2) Der zweite Besuch auf dem Laubhüttenfest im Herbst 28 mit der Heilung des Gelähmten am Teich Betesda.
3) Der dritte Besuch am Laubhüttenfest im Herbst 29 mit der Heilung des Blindgeborenen.
4) Der vierte Besuch am Tempelweihefest (Chanukka) im Dezember 29.
5) Der letzte Besuch, den auch die anderen Evangelien berichten, zu Pesach im Frühjahr 30. Bei diesem wurde er verhaftet und hingerichtet.
Die drei anderen Evangelien berichten in der Reihenfolge nach der Grundlinie des Dienstes von Jesus: „Von Galiläa nach Jerusalem“. So haben es sogar auch die Feinde von Jesus beschrieben – Lk 23,5: „Er wiegelt das Volk auf, indem er in ganz Judäa lehrt.
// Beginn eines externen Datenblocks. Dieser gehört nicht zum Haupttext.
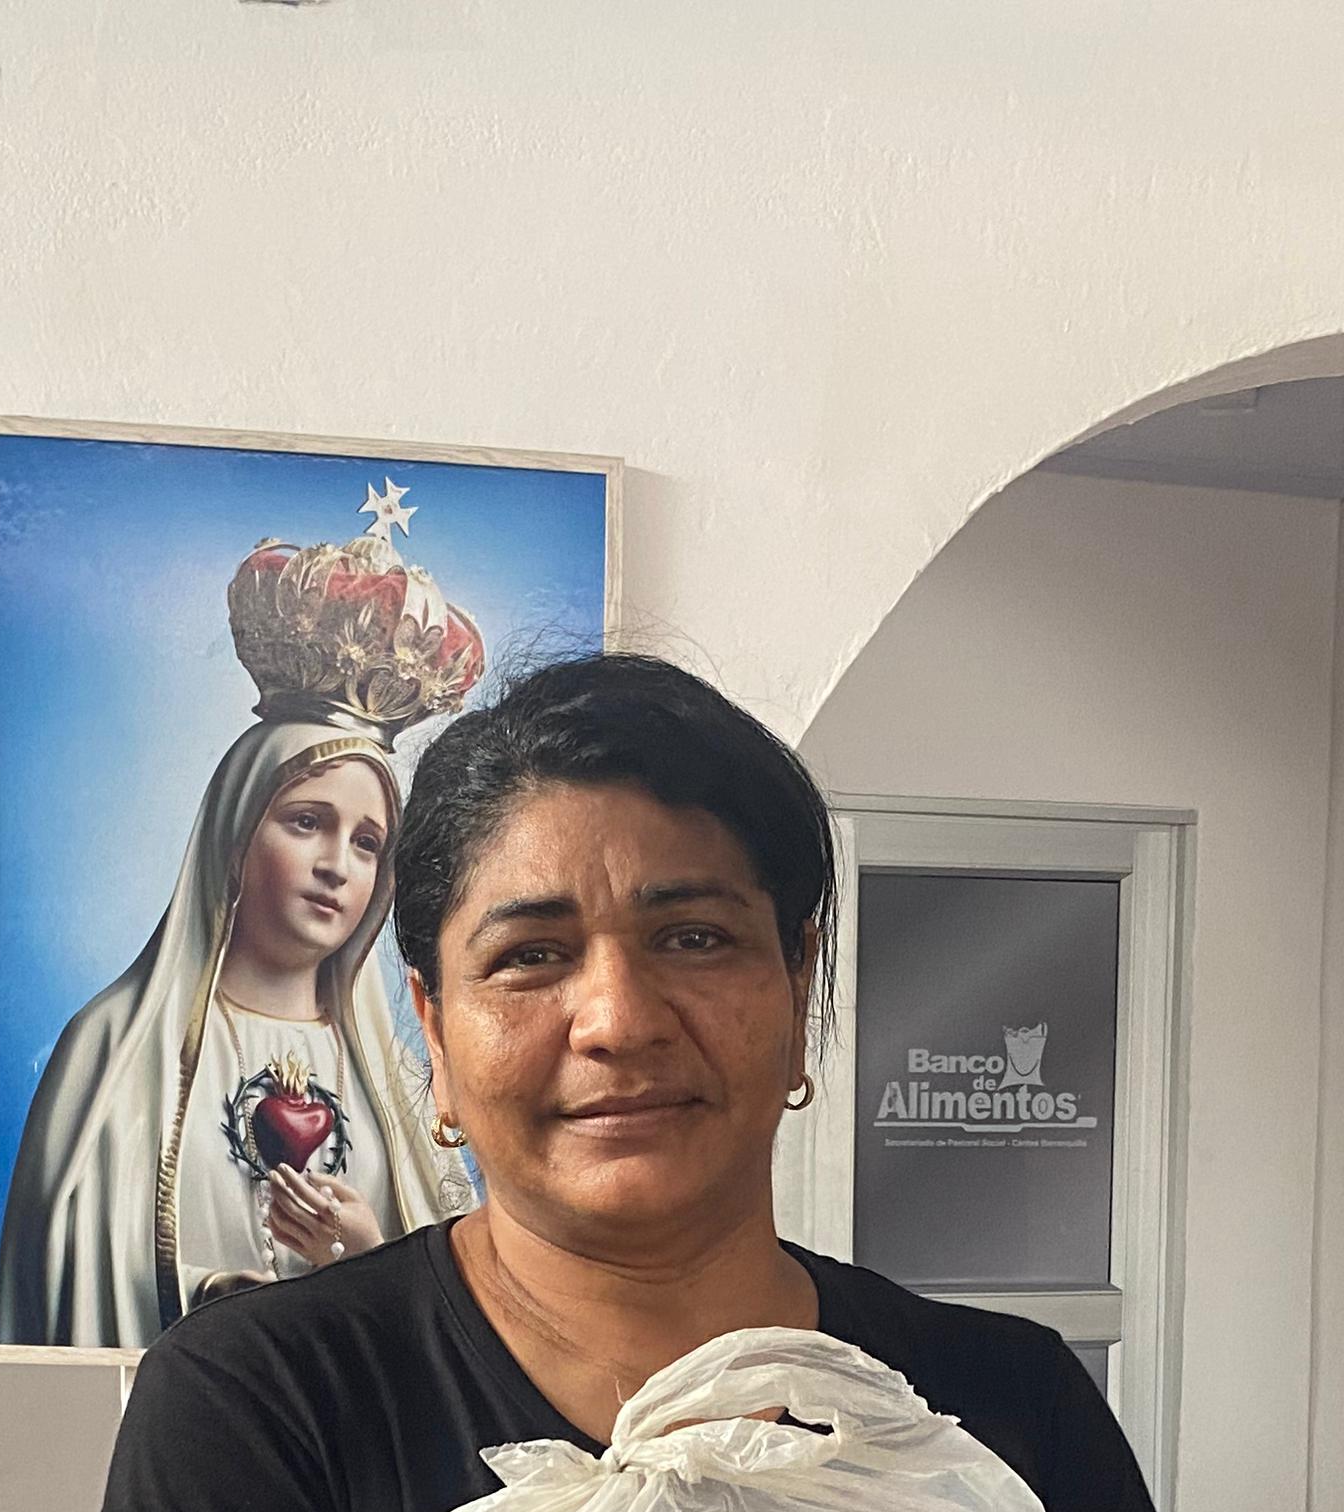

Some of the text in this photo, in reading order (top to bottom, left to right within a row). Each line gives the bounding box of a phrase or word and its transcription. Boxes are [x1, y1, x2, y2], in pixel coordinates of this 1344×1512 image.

[908, 1048, 1004, 1074] Banco
[972, 1075, 997, 1091] de
[876, 1081, 1078, 1121] Alimentos
Von Galiläa aus hat er angefangen bis hierher!“ Johannes ergänzt dazu die zwischendurch stattgefundenen Besuche in Jerusalem, das ja das eigentliche Ziel des Messias sein musste.
Dass Johannes die Berichte der anderen voraussetzt, zeigt sich auch an einer Bemerkung wie Joh 6,2: „Und eine große Menge folgte ihm, weil sie die Zeichen gesehen hatten, die er an Kranken getan hatte.“ Johannes selbst berichtet die Zeichen an Kranken in Galiläa gar nicht. Er setzt die Kenntnis derselben voraus. Er spricht ja auch an anderen Stellen von „vielen“ Zeichen, die Jesus getan hat. Johannes selbst berichtet aber insgesamt nur von sechs „Zeichen“ (davon fünf, die die anderen nicht berichten):
1) Die Verwandlung von Wasser zu Wein bei der Hochzeit in Kana.
2) Die Heilung des Sohnes des Königlichen aus Kafarnaum.
3) Die Heilung des Gelähmten am Teich Betesda.
4) Die Speisung der 5000 an Pesach im Jahr 29.
5) Die Heilung des Blindgeborenen in Jerusalem.
6) Die Auferweckung von Lazarus.
Man könnte nun denken, dass die Zahl von sechs Zeichen etwas unvollständig aussieht. Die Zahl der Vollkommenheit wäre ja sieben. Aber bei Johannes darf man zum Abschluss seines Berichts natürlich die Auferstehung von Jesus als das siebte und größte Wunderzeichen betrachten.